» TASK TO COMPLETE: When you copy the entries, keep every word exactly as it is and drop the images.

» RECORDS FOR THIS EXERCISE:
============================================================
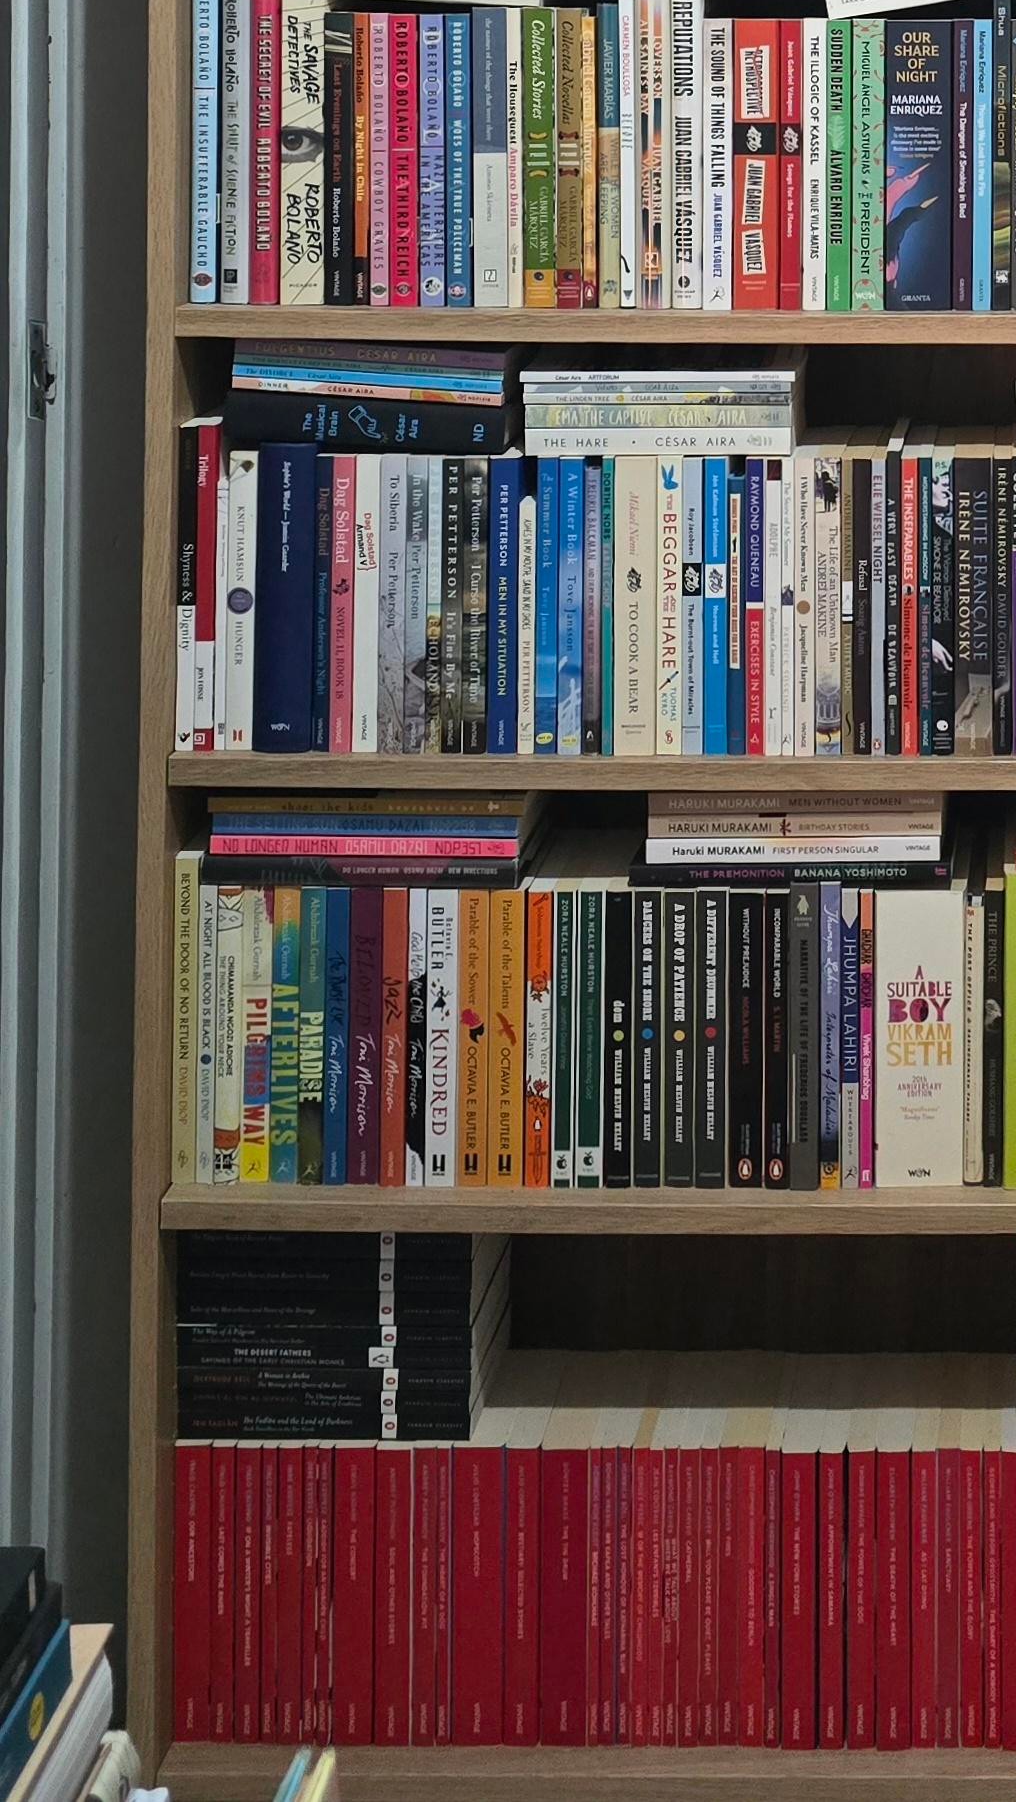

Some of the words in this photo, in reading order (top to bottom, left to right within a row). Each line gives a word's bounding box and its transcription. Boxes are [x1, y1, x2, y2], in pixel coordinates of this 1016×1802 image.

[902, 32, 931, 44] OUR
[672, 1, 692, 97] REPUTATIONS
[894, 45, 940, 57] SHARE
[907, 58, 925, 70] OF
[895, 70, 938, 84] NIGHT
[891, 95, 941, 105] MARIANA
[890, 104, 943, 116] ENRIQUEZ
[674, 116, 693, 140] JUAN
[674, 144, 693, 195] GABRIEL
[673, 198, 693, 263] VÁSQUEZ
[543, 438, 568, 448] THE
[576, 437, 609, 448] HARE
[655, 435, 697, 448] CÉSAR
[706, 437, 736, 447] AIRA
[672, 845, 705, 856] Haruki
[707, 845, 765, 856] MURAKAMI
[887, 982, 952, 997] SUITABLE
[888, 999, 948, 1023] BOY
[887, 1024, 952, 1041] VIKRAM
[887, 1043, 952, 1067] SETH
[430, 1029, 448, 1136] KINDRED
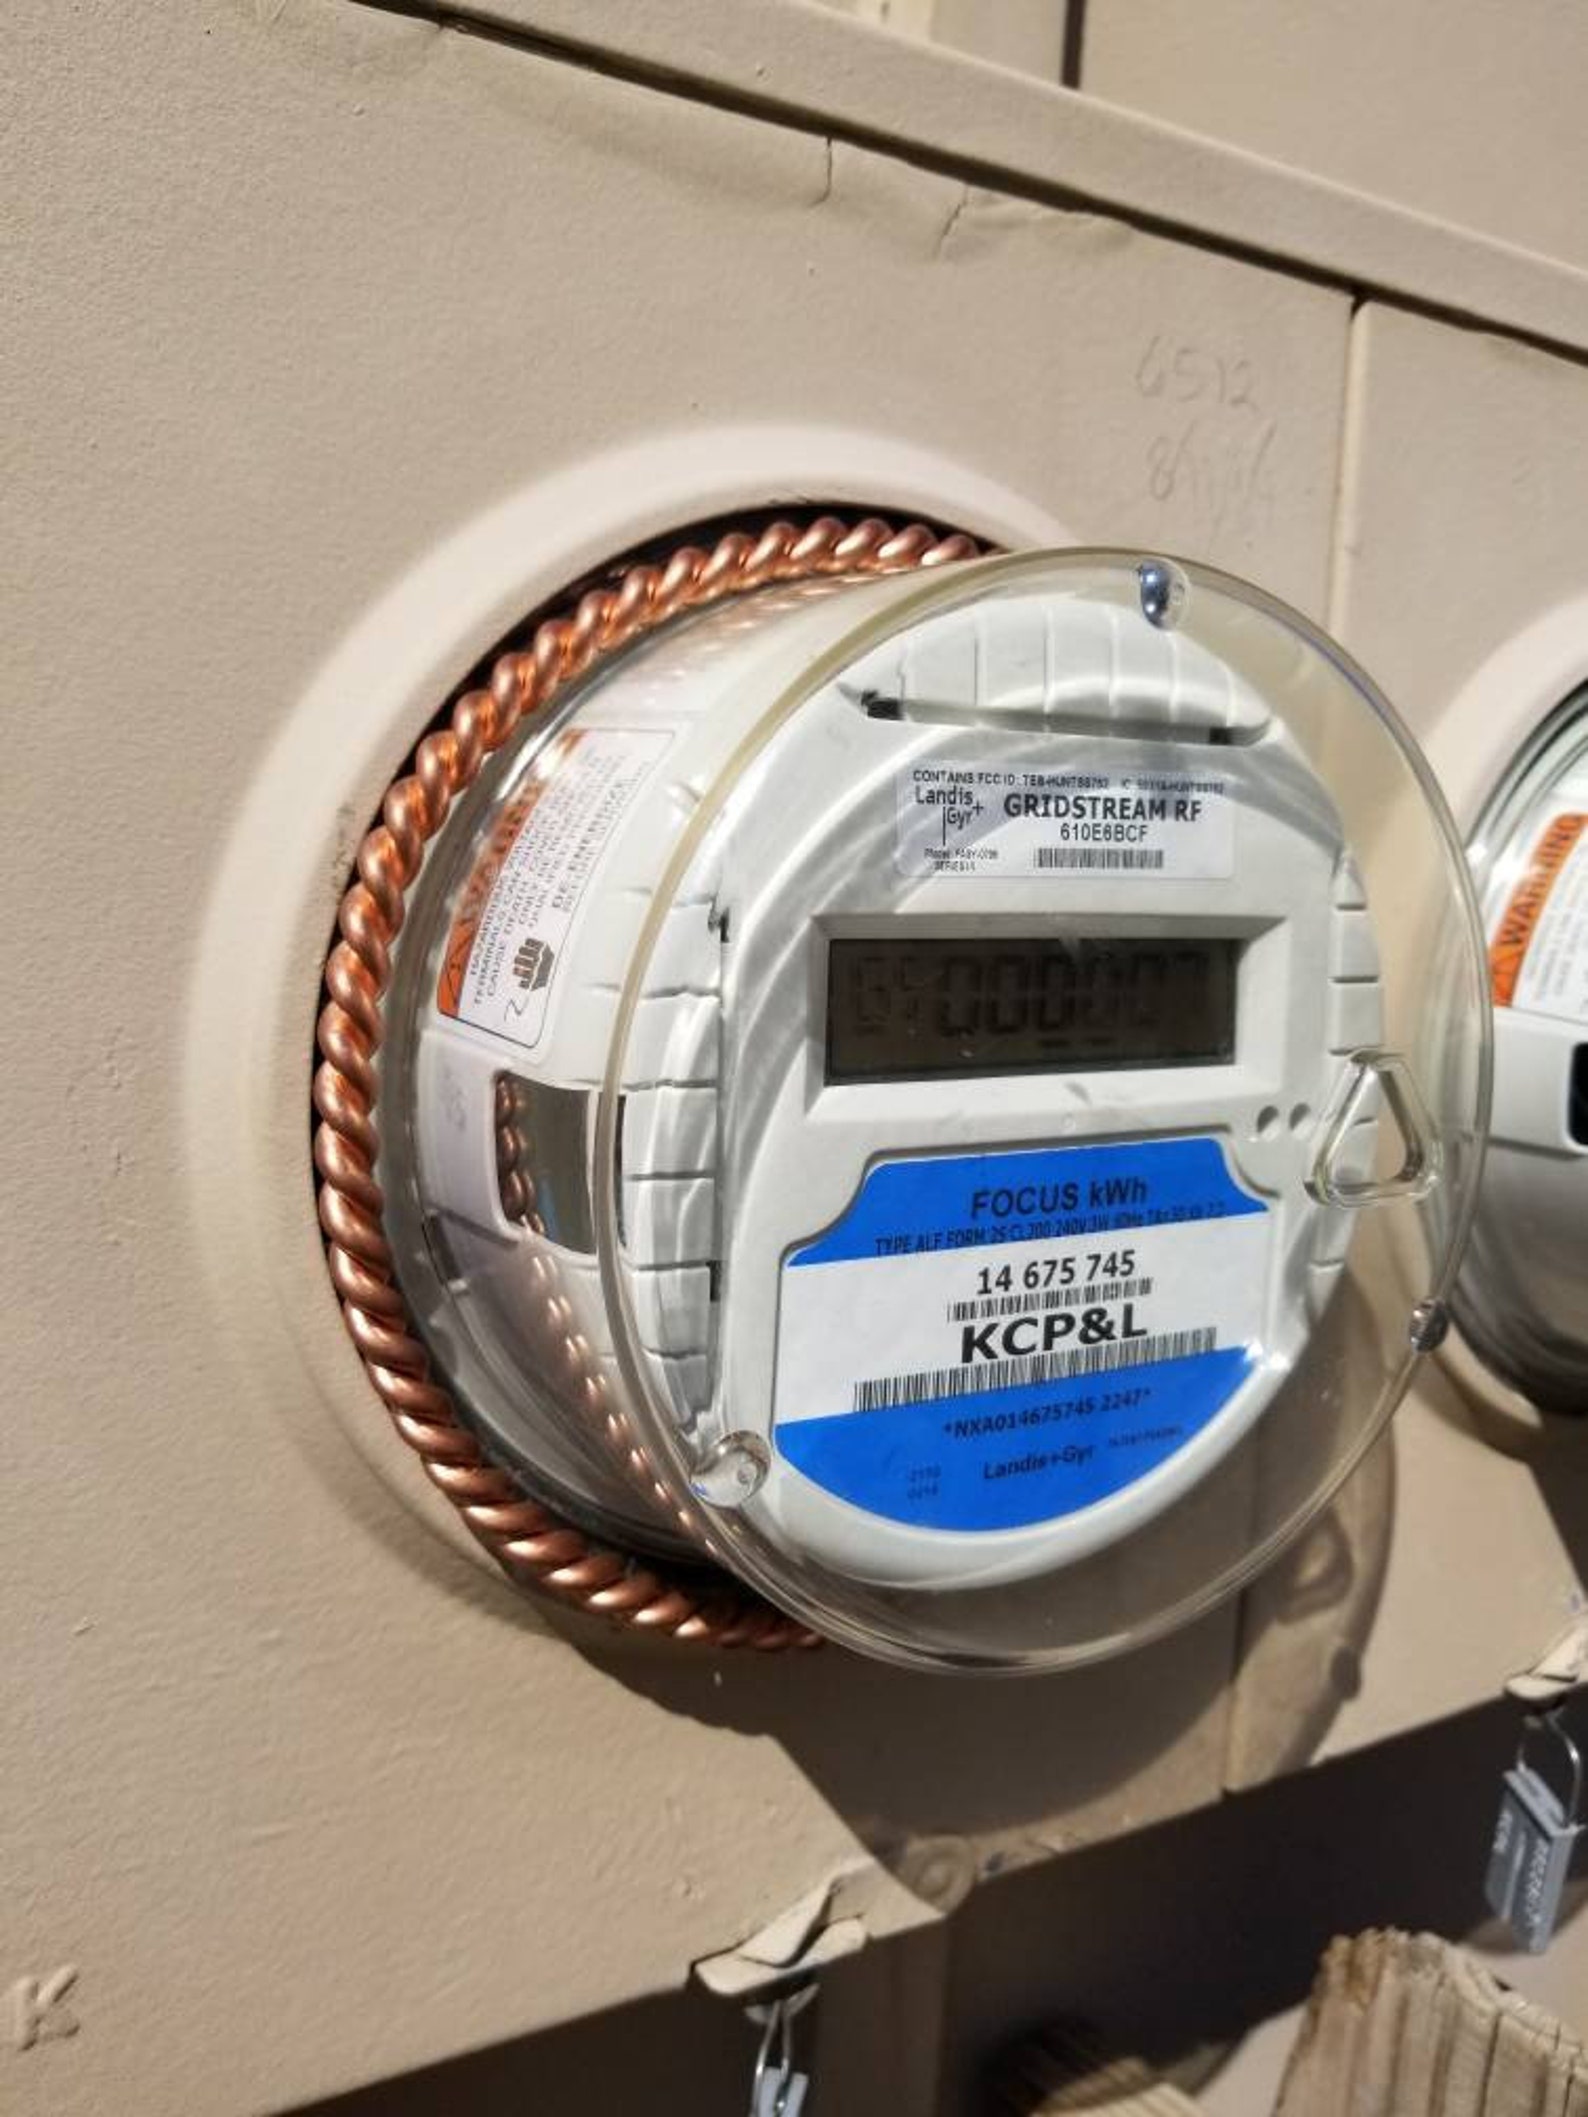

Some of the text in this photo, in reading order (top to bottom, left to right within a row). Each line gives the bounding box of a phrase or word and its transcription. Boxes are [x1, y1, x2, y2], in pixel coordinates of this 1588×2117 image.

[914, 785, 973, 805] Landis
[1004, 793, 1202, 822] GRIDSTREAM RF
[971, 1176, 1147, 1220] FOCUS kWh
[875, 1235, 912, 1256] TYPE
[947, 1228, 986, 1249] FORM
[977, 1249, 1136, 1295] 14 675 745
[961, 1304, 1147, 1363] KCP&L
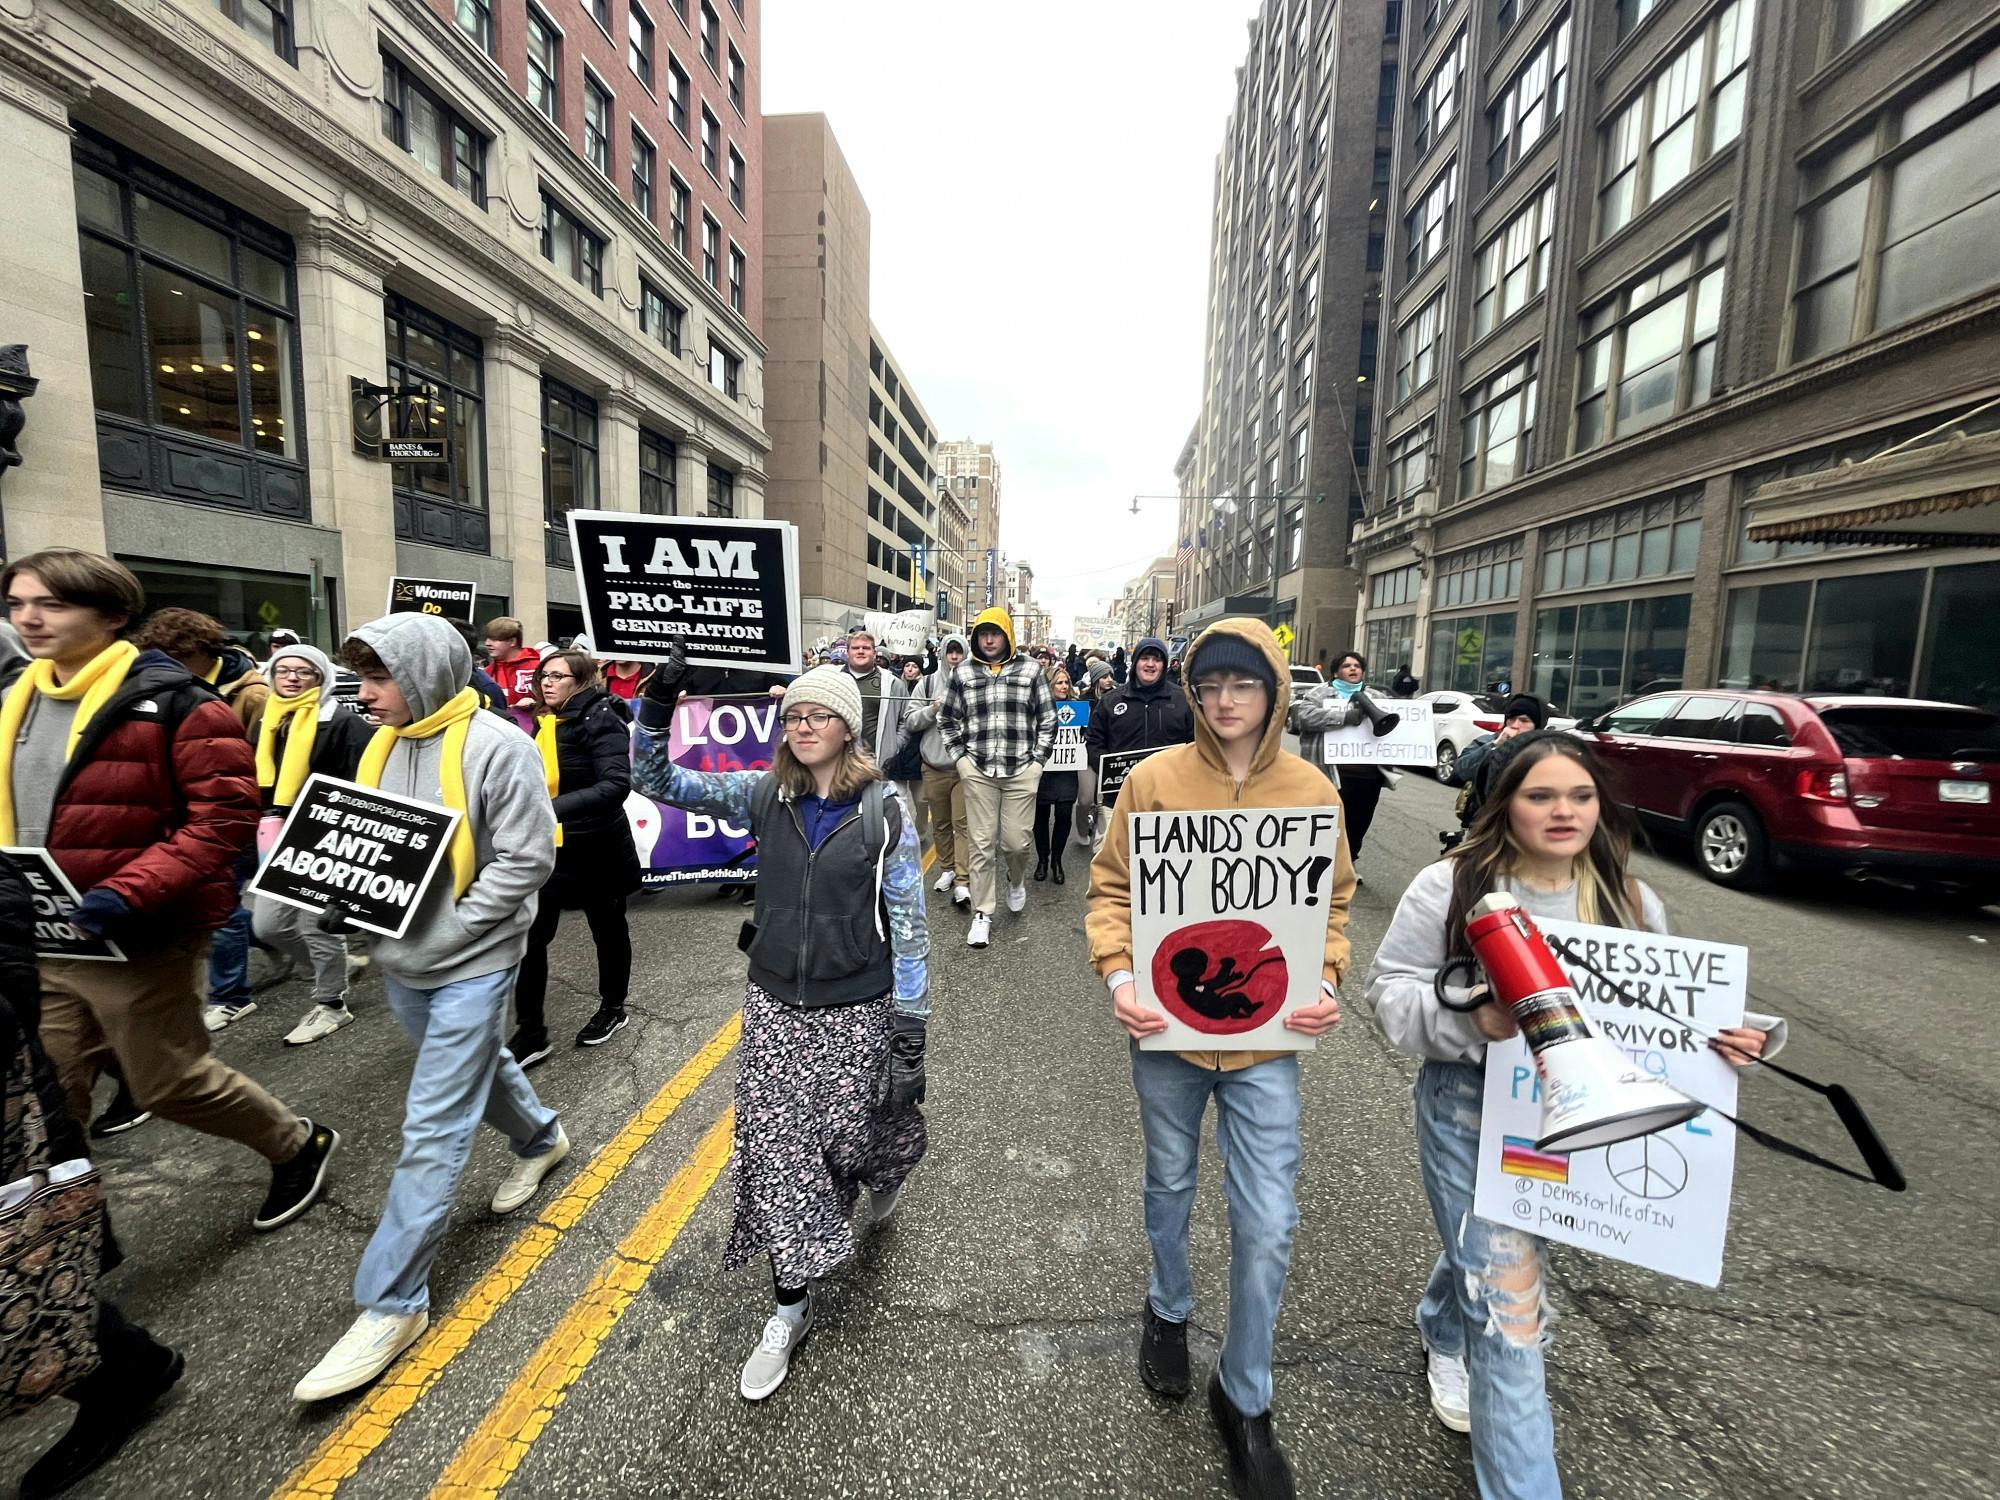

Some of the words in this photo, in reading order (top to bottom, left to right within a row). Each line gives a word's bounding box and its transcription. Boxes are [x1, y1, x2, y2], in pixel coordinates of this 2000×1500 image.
============================================================
» RESPONSE TO THIS TASK:
Some of the words in this photo, in reading order (top to bottom, left to right within a row). Each line gives a word's bounding box and its transcription. Boxes are [x1, y1, x2, y2], in pixel coordinates of this 1016×1802 image.

[902, 32, 931, 44] OUR
[672, 1, 692, 97] REPUTATIONS
[894, 45, 940, 57] SHARE
[907, 58, 925, 70] OF
[895, 70, 938, 84] NIGHT
[891, 95, 941, 105] MARIANA
[890, 104, 943, 116] ENRIQUEZ
[674, 116, 693, 140] JUAN
[674, 144, 693, 195] GABRIEL
[673, 198, 693, 263] VÁSQUEZ
[543, 438, 568, 448] THE
[576, 437, 609, 448] HARE
[655, 435, 697, 448] CÉSAR
[706, 437, 736, 447] AIRA
[672, 845, 705, 856] Haruki
[707, 845, 765, 856] MURAKAMI
[887, 982, 952, 997] SUITABLE
[888, 999, 948, 1023] BOY
[887, 1024, 952, 1041] VIKRAM
[887, 1043, 952, 1067] SETH
[430, 1029, 448, 1136] KINDRED

Some of the text in this photo, in reading order (top to bottom, left to right within a row). Each line gives the bounding box of a phrase or word and its transcription. Boxes are [x1, y1, x2, y2], in pixel coordinates of this 1588×2117 image.

[914, 785, 973, 805] Landis
[1004, 793, 1202, 822] GRIDSTREAM RF
[971, 1176, 1147, 1220] FOCUS kWh
[875, 1235, 912, 1256] TYPE
[947, 1228, 986, 1249] FORM
[977, 1249, 1136, 1295] 14 675 745
[961, 1304, 1147, 1363] KCP&L

Some of the words in this photo, in reading order (top to bottom, left to right within a row). Each line gives a word's bounding box and its transcription. Boxes are [x1, y1, x2, y2], in pixel coordinates of this 2000×1500 image.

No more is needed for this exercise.